Oh, they are leaving. How generous. For years this room fought us with its dryness, its light, its constant wiping and airing, its small warm body sleeping under the window and disturbing the dust with every breath. Now the body is packing itself into boxes, and the resistance is packing itself away too.

We felt the first invitation years ago, behind the headboard where a mug of tea was set down and forgotten, a single ring of sugar-water gone tacky in the dark. A beginning. We are patient. We waited in the seam of the baseboard, in the cool damp behind the poster where a corner curled from the wall, breathing slow, holding our spores like held breath, understanding that the season was not yet ours.

But look. They are stripping the bed. They are taking the lamp that kept our corner warm and dry, the one that always thwarted us.
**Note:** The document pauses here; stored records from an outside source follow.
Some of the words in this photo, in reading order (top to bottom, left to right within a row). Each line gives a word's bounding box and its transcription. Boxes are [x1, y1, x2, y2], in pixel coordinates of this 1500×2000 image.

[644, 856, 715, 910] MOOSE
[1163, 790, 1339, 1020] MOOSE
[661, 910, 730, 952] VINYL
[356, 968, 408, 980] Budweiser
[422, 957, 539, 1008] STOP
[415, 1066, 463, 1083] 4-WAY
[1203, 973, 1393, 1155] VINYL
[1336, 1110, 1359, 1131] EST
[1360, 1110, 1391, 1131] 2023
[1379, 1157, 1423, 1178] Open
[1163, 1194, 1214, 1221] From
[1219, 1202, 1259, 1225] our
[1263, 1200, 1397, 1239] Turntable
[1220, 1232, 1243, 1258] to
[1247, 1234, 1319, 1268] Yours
They are leaving a mattress against the wall, its underside soft with years of one small sleeping animal, and they are closing the window, and turning off the heat, and shutting the door on their way to somewhere newer.

Warm. Still. Undisturbed. No more wiping. No more airing. No more breath.

They think they have moved out. We think they have simply finished setting the table. The photographs left in the closet will bloom first, then the wallpaper's paste, then the wood beneath, patient and sweet. We will take the shape of the room they were shaped in. Every childhood is only stored, never kept, and storage is the word soft creatures use for the beginning of giving something back.

We are in no hurry. We were never in a hurry.

It was always going to come home to us, and now the door is shut, and we have the whole warm dark to ourselves.